Monoclonal Gammopathy of Undetermined Significance

Author/s: 
S. Vincent Rajkumar, Shaji Kumar
Date Added: 
October 2, 2025
Journal/Publication: 
The New England Journal of Medicine
Publication Date: 
October 1, 2025
Issue: 
13
Volume: 
393
Type: 
Meta-analyses, Reviews, and Guidelines
Format: 
Article
DOI (1): 
10.1056/NEJMra2412716

RPR Commentary

A review of the diagnosis and management of monoclonal gammopathy of undetermined significance.

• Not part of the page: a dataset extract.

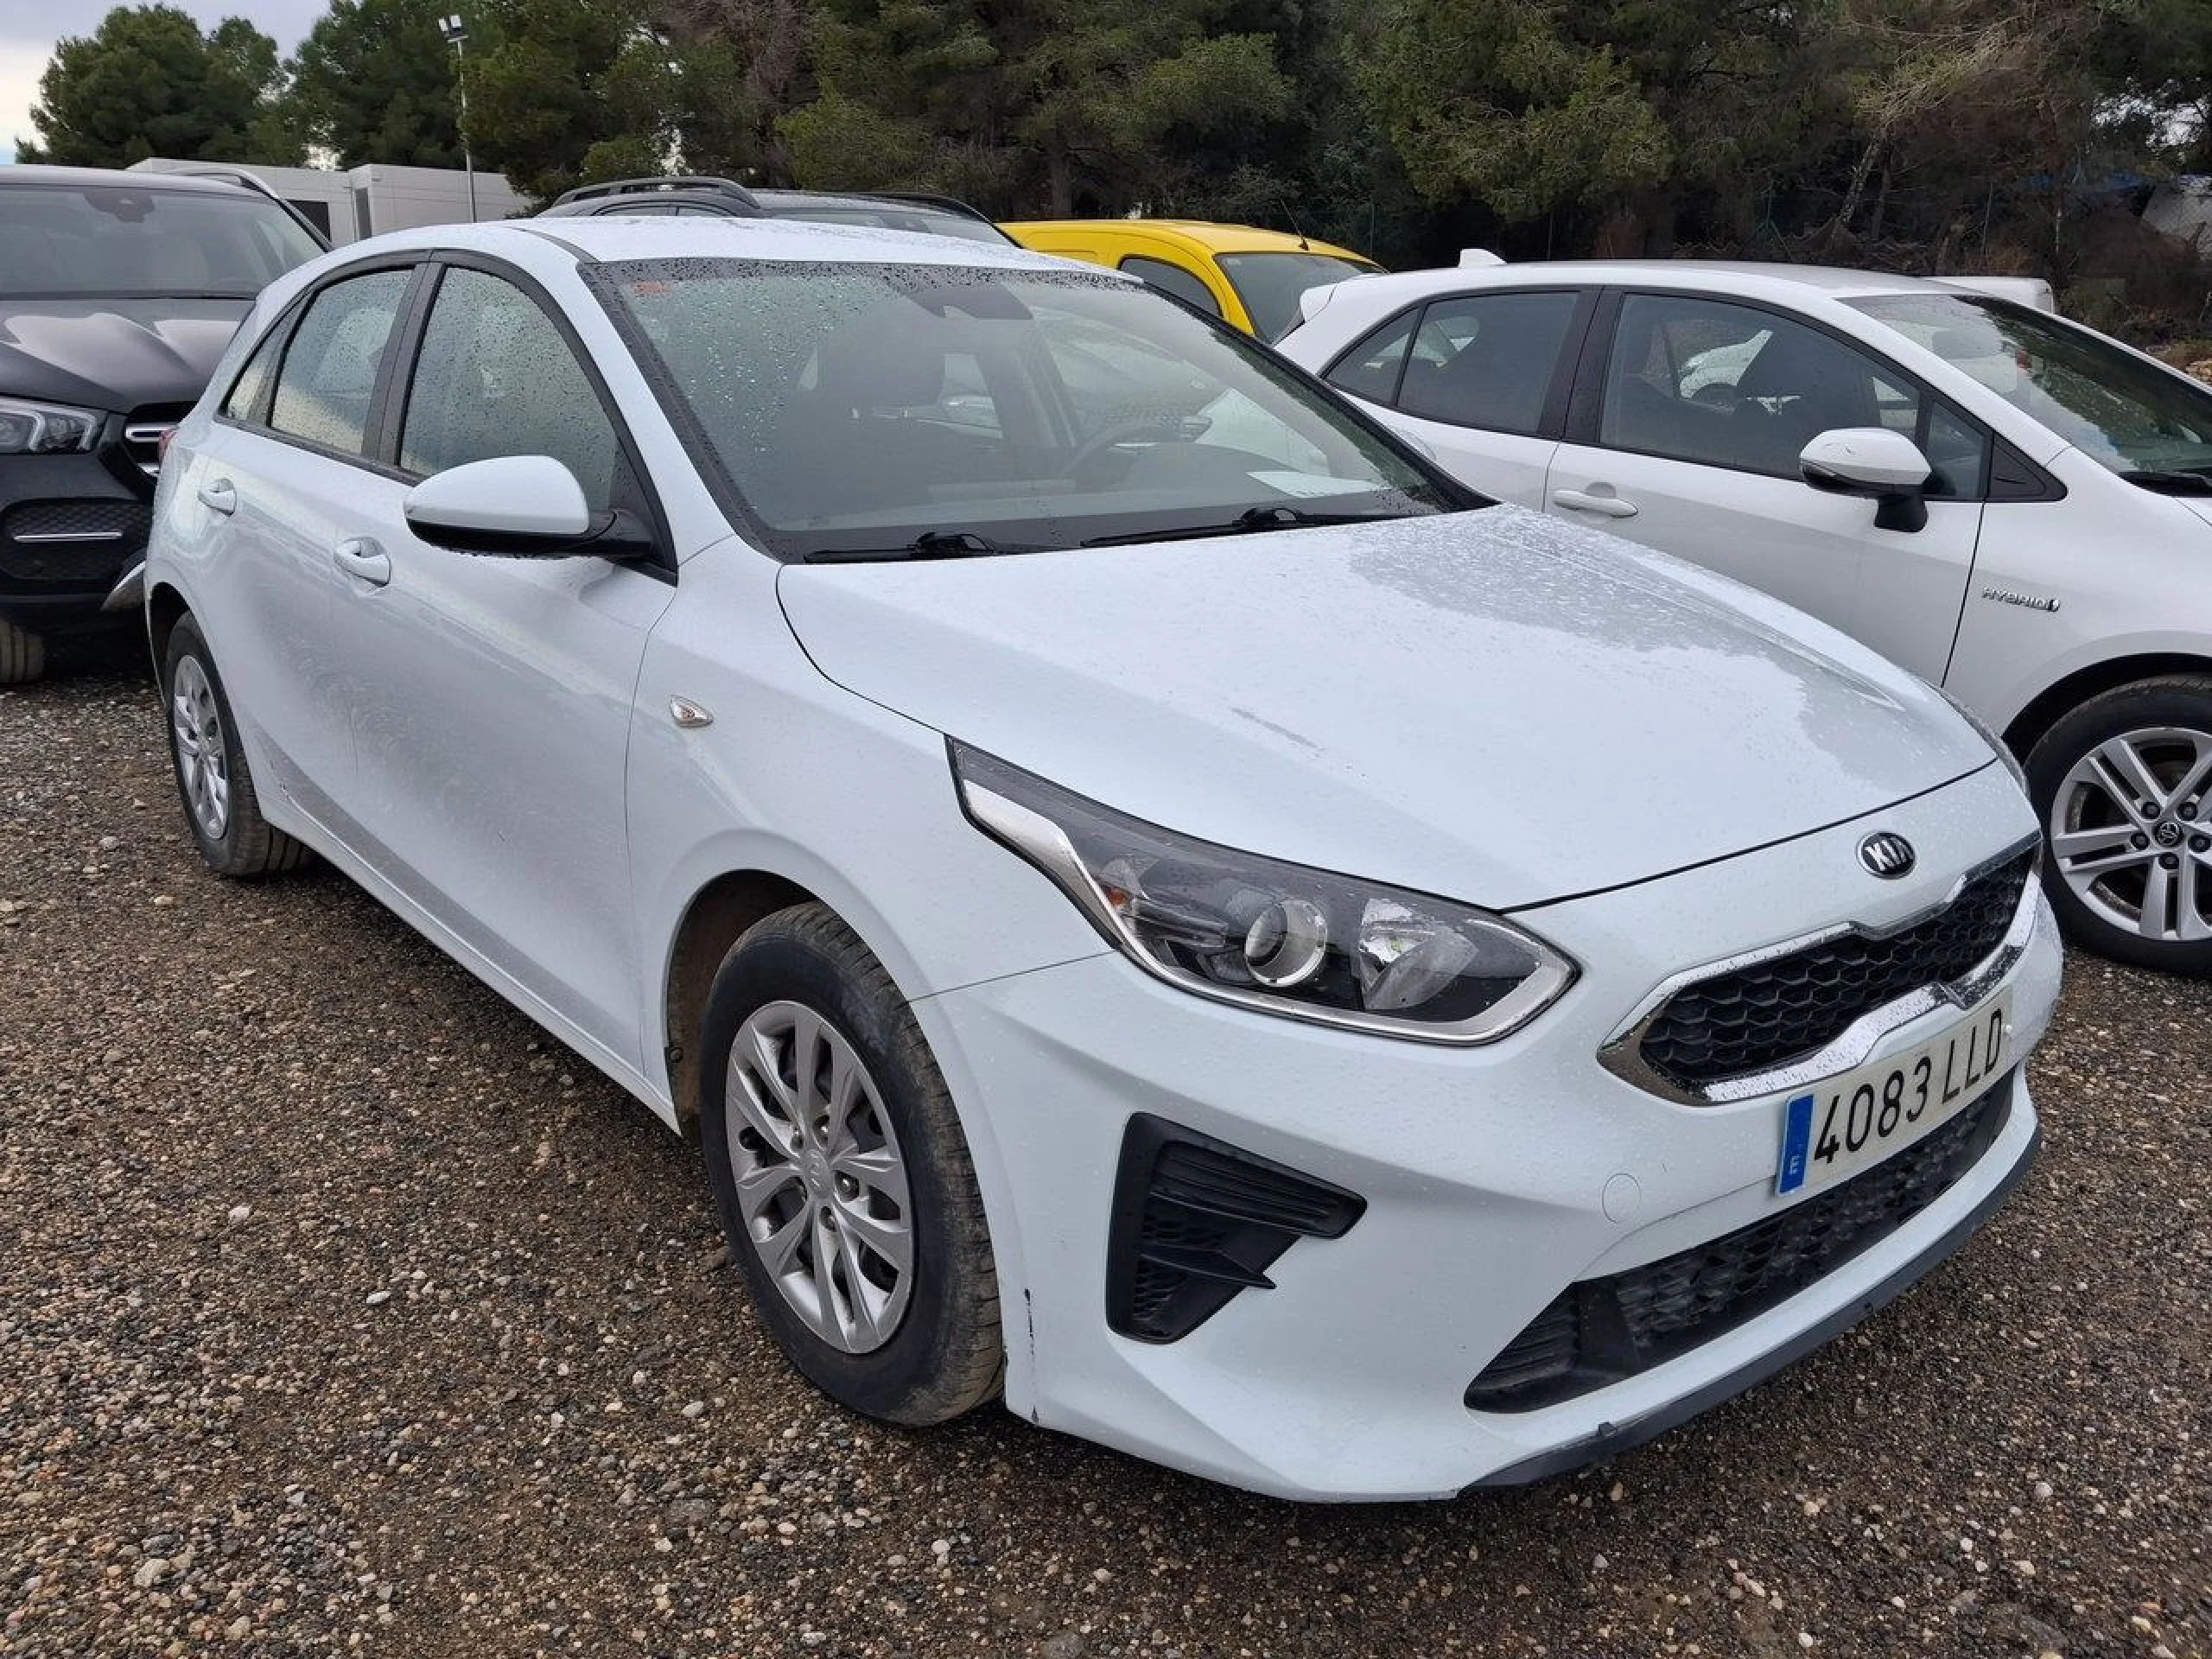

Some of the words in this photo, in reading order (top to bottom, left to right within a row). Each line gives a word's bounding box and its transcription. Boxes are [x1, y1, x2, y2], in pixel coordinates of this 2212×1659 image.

[1815, 1055, 1932, 1164] 4083
[1942, 1007, 2003, 1105] LLD
[1789, 1155, 1799, 1176] E

James W. Mold, MD, MPH

Abstract

Monoclonal gammopathy of undetermined significance (MGUS) is a common premalignant plasma-cell proliferative disorder that is present in approximately 5% of the general population over the age of 50 years.1-4 This disorder is important not only because it is the precursor to plasma-cell cancers, including multiple myeloma, solitary plasmacytoma, and Waldenström’s macroglobulinemia, but also because it is causally related to numerous serious nonmalignant disorders, collectively referred to as monoclonal gammopathy of clinical significance (MGCS).5 MGUS is characterized by a limited yet monoclonal proliferation of plasma cells secreting abnormal levels of immunoglobulins (antibodies) that are identical to each other, with the same amino acid sequence, referred to as monoclonal (M) proteins.6 These secreted M proteins are best appreciated as fully functioning human antibodies present in high concentrations that fortunately lack affinity to self-antigens (autoantibody characteristics) in most persons. As a result, MGUS remains asymptomatic in the absence of malignant transformation in most people. However, there is potential for serious harm if the M protein has or develops affinity for one or more organs in the body, resulting in MGCS.